%%
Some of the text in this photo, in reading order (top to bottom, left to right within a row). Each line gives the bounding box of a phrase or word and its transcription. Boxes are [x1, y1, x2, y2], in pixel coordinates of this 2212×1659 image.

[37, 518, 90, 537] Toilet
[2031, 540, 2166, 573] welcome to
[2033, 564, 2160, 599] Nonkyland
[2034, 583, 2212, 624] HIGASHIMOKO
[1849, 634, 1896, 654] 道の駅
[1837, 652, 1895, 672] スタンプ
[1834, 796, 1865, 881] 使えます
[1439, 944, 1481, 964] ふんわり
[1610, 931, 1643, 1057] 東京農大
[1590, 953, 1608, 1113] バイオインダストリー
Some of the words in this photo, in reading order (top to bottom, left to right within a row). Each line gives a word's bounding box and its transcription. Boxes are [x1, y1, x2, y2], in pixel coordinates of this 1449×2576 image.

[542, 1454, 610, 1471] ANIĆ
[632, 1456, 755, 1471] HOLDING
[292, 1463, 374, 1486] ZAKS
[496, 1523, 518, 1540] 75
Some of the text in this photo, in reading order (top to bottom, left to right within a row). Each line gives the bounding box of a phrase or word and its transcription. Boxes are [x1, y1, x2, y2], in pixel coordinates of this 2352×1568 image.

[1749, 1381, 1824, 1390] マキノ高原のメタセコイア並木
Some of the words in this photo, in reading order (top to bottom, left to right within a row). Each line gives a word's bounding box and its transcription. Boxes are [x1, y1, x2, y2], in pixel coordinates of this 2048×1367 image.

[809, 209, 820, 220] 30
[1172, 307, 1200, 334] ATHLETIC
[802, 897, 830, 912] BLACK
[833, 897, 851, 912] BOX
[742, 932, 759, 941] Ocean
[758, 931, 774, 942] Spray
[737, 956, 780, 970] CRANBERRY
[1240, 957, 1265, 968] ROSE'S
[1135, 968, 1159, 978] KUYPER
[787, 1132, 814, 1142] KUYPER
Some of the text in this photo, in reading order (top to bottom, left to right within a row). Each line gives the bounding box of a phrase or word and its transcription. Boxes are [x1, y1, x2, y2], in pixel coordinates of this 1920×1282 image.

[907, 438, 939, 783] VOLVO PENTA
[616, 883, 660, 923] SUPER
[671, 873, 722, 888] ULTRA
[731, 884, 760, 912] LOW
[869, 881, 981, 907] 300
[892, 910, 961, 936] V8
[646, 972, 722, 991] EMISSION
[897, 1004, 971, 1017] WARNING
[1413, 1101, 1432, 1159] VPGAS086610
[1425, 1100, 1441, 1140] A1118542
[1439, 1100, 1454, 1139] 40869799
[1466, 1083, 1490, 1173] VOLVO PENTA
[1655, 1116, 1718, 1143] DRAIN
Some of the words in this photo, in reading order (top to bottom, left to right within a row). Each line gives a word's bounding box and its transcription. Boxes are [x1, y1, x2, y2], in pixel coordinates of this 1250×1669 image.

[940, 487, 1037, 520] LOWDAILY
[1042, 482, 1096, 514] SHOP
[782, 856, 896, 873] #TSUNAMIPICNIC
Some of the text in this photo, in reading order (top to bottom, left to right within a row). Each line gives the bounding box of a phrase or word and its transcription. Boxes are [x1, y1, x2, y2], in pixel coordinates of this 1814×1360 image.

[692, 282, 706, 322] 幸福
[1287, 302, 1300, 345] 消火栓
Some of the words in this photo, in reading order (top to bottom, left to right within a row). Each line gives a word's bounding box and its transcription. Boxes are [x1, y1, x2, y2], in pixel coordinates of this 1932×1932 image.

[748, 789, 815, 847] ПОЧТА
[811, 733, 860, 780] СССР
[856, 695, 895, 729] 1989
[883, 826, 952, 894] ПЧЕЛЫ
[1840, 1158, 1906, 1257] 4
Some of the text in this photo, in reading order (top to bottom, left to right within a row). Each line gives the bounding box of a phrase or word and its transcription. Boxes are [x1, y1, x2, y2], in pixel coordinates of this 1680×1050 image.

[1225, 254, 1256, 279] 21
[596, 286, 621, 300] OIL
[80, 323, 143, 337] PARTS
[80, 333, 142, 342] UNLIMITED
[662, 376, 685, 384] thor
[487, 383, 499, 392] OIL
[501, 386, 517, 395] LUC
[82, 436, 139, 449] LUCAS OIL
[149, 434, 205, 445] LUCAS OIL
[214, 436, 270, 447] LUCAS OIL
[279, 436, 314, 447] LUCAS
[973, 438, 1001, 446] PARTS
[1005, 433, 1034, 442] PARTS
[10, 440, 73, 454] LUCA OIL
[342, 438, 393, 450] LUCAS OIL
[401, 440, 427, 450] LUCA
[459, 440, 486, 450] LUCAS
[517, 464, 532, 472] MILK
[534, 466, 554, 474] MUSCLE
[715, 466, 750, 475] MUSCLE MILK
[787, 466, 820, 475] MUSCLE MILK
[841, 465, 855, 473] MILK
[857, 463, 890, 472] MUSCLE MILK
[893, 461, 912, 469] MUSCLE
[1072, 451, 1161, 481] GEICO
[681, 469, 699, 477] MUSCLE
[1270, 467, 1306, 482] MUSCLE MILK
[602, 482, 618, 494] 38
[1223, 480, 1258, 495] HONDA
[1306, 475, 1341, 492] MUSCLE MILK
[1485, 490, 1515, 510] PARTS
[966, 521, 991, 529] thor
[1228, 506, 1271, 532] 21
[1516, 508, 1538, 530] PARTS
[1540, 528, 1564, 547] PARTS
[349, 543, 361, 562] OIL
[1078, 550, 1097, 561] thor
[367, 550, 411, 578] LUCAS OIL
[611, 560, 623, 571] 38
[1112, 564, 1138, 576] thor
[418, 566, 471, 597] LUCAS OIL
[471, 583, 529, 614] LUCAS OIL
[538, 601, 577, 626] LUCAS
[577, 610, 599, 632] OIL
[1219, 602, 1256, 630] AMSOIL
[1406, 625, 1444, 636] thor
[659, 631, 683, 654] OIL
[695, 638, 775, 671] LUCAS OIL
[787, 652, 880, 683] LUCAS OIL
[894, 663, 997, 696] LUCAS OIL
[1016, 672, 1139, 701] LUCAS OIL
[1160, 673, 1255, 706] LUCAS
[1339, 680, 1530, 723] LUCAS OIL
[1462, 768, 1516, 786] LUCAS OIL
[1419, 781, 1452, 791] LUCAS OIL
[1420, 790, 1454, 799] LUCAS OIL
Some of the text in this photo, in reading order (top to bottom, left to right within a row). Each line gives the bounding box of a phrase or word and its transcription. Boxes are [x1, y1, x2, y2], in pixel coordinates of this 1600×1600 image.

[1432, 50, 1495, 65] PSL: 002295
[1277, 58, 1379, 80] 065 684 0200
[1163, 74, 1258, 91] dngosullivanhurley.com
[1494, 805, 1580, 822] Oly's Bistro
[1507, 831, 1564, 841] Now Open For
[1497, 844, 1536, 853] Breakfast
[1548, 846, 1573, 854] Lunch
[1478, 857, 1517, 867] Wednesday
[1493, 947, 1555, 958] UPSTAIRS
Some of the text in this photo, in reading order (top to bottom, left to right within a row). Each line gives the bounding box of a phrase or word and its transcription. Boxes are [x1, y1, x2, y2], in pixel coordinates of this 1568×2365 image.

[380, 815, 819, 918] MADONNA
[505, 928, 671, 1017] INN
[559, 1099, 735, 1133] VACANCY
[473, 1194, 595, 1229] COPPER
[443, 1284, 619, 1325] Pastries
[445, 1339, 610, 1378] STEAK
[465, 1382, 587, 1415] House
%%
● WORK ITEM
Copy out each line above, character for character.

● RESPONSE BELOW
Some of the text in this photo, in reading order (top to bottom, left to right within a row). Each line gives the bounding box of a phrase or word and its transcription. Boxes are [x1, y1, x2, y2], in pixel coordinates of this 2212×1659 image.

[37, 518, 90, 537] Toilet
[2031, 540, 2166, 573] welcome to
[2033, 564, 2160, 599] Nonkyland
[2034, 583, 2212, 624] HIGASHIMOKO
[1849, 634, 1896, 654] 道の駅
[1837, 652, 1895, 672] スタンプ
[1834, 796, 1865, 881] 使えます
[1439, 944, 1481, 964] ふんわり
[1610, 931, 1643, 1057] 東京農大
[1590, 953, 1608, 1113] バイオインダストリー
Some of the words in this photo, in reading order (top to bottom, left to right within a row). Each line gives a word's bounding box and its transcription. Boxes are [x1, y1, x2, y2], in pixel coordinates of this 1449×2576 image.

[542, 1454, 610, 1471] ANIĆ
[632, 1456, 755, 1471] HOLDING
[292, 1463, 374, 1486] ZAKS
[496, 1523, 518, 1540] 75
Some of the text in this photo, in reading order (top to bottom, left to right within a row). Each line gives the bounding box of a phrase or word and its transcription. Boxes are [x1, y1, x2, y2], in pixel coordinates of this 2352×1568 image.

[1749, 1381, 1824, 1390] マキノ高原のメタセコイア並木
Some of the words in this photo, in reading order (top to bottom, left to right within a row). Each line gives a word's bounding box and its transcription. Boxes are [x1, y1, x2, y2], in pixel coordinates of this 2048×1367 image.

[809, 209, 820, 220] 30
[1172, 307, 1200, 334] ATHLETIC
[802, 897, 830, 912] BLACK
[833, 897, 851, 912] BOX
[742, 932, 759, 941] Ocean
[758, 931, 774, 942] Spray
[737, 956, 780, 970] CRANBERRY
[1240, 957, 1265, 968] ROSE'S
[1135, 968, 1159, 978] KUYPER
[787, 1132, 814, 1142] KUYPER
Some of the text in this photo, in reading order (top to bottom, left to right within a row). Each line gives the bounding box of a phrase or word and its transcription. Boxes are [x1, y1, x2, y2], in pixel coordinates of this 1920×1282 image.

[907, 438, 939, 783] VOLVO PENTA
[616, 883, 660, 923] SUPER
[671, 873, 722, 888] ULTRA
[731, 884, 760, 912] LOW
[869, 881, 981, 907] 300
[892, 910, 961, 936] V8
[646, 972, 722, 991] EMISSION
[897, 1004, 971, 1017] WARNING
[1413, 1101, 1432, 1159] VPGAS086610
[1425, 1100, 1441, 1140] A1118542
[1439, 1100, 1454, 1139] 40869799
[1466, 1083, 1490, 1173] VOLVO PENTA
[1655, 1116, 1718, 1143] DRAIN
Some of the words in this photo, in reading order (top to bottom, left to right within a row). Each line gives a word's bounding box and its transcription. Boxes are [x1, y1, x2, y2], in pixel coordinates of this 1250×1669 image.

[940, 487, 1037, 520] LOWDAILY
[1042, 482, 1096, 514] SHOP
[782, 856, 896, 873] #TSUNAMIPICNIC
Some of the text in this photo, in reading order (top to bottom, left to right within a row). Each line gives the bounding box of a phrase or word and its transcription. Boxes are [x1, y1, x2, y2], in pixel coordinates of this 1814×1360 image.

[692, 282, 706, 322] 幸福
[1287, 302, 1300, 345] 消火栓
Some of the words in this photo, in reading order (top to bottom, left to right within a row). Each line gives a word's bounding box and its transcription. Boxes are [x1, y1, x2, y2], in pixel coordinates of this 1932×1932 image.

[748, 789, 815, 847] ПОЧТА
[811, 733, 860, 780] СССР
[856, 695, 895, 729] 1989
[883, 826, 952, 894] ПЧЕЛЫ
[1840, 1158, 1906, 1257] 4
Some of the text in this photo, in reading order (top to bottom, left to right within a row). Each line gives the bounding box of a phrase or word and its transcription. Boxes are [x1, y1, x2, y2], in pixel coordinates of this 1680×1050 image.

[1225, 254, 1256, 279] 21
[596, 286, 621, 300] OIL
[80, 323, 143, 337] PARTS
[80, 333, 142, 342] UNLIMITED
[662, 376, 685, 384] thor
[487, 383, 499, 392] OIL
[501, 386, 517, 395] LUC
[82, 436, 139, 449] LUCAS OIL
[149, 434, 205, 445] LUCAS OIL
[214, 436, 270, 447] LUCAS OIL
[279, 436, 314, 447] LUCAS
[973, 438, 1001, 446] PARTS
[1005, 433, 1034, 442] PARTS
[10, 440, 73, 454] LUCA OIL
[342, 438, 393, 450] LUCAS OIL
[401, 440, 427, 450] LUCA
[459, 440, 486, 450] LUCAS
[517, 464, 532, 472] MILK
[534, 466, 554, 474] MUSCLE
[715, 466, 750, 475] MUSCLE MILK
[787, 466, 820, 475] MUSCLE MILK
[841, 465, 855, 473] MILK
[857, 463, 890, 472] MUSCLE MILK
[893, 461, 912, 469] MUSCLE
[1072, 451, 1161, 481] GEICO
[681, 469, 699, 477] MUSCLE
[1270, 467, 1306, 482] MUSCLE MILK
[602, 482, 618, 494] 38
[1223, 480, 1258, 495] HONDA
[1306, 475, 1341, 492] MUSCLE MILK
[1485, 490, 1515, 510] PARTS
[966, 521, 991, 529] thor
[1228, 506, 1271, 532] 21
[1516, 508, 1538, 530] PARTS
[1540, 528, 1564, 547] PARTS
[349, 543, 361, 562] OIL
[1078, 550, 1097, 561] thor
[367, 550, 411, 578] LUCAS OIL
[611, 560, 623, 571] 38
[1112, 564, 1138, 576] thor
[418, 566, 471, 597] LUCAS OIL
[471, 583, 529, 614] LUCAS OIL
[538, 601, 577, 626] LUCAS
[577, 610, 599, 632] OIL
[1219, 602, 1256, 630] AMSOIL
[1406, 625, 1444, 636] thor
[659, 631, 683, 654] OIL
[695, 638, 775, 671] LUCAS OIL
[787, 652, 880, 683] LUCAS OIL
[894, 663, 997, 696] LUCAS OIL
[1016, 672, 1139, 701] LUCAS OIL
[1160, 673, 1255, 706] LUCAS
[1339, 680, 1530, 723] LUCAS OIL
[1462, 768, 1516, 786] LUCAS OIL
[1419, 781, 1452, 791] LUCAS OIL
[1420, 790, 1454, 799] LUCAS OIL
Some of the text in this photo, in reading order (top to bottom, left to right within a row). Each line gives the bounding box of a phrase or word and its transcription. Boxes are [x1, y1, x2, y2], in pixel coordinates of this 1600×1600 image.

[1432, 50, 1495, 65] PSL: 002295
[1277, 58, 1379, 80] 065 684 0200
[1163, 74, 1258, 91] dngosullivanhurley.com
[1494, 805, 1580, 822] Oly's Bistro
[1507, 831, 1564, 841] Now Open For
[1497, 844, 1536, 853] Breakfast
[1548, 846, 1573, 854] Lunch
[1478, 857, 1517, 867] Wednesday
[1493, 947, 1555, 958] UPSTAIRS
Some of the text in this photo, in reading order (top to bottom, left to right within a row). Each line gives the bounding box of a phrase or word and its transcription. Boxes are [x1, y1, x2, y2], in pixel coordinates of this 1568×2365 image.

[380, 815, 819, 918] MADONNA
[505, 928, 671, 1017] INN
[559, 1099, 735, 1133] VACANCY
[473, 1194, 595, 1229] COPPER
[443, 1284, 619, 1325] Pastries
[445, 1339, 610, 1378] STEAK
[465, 1382, 587, 1415] House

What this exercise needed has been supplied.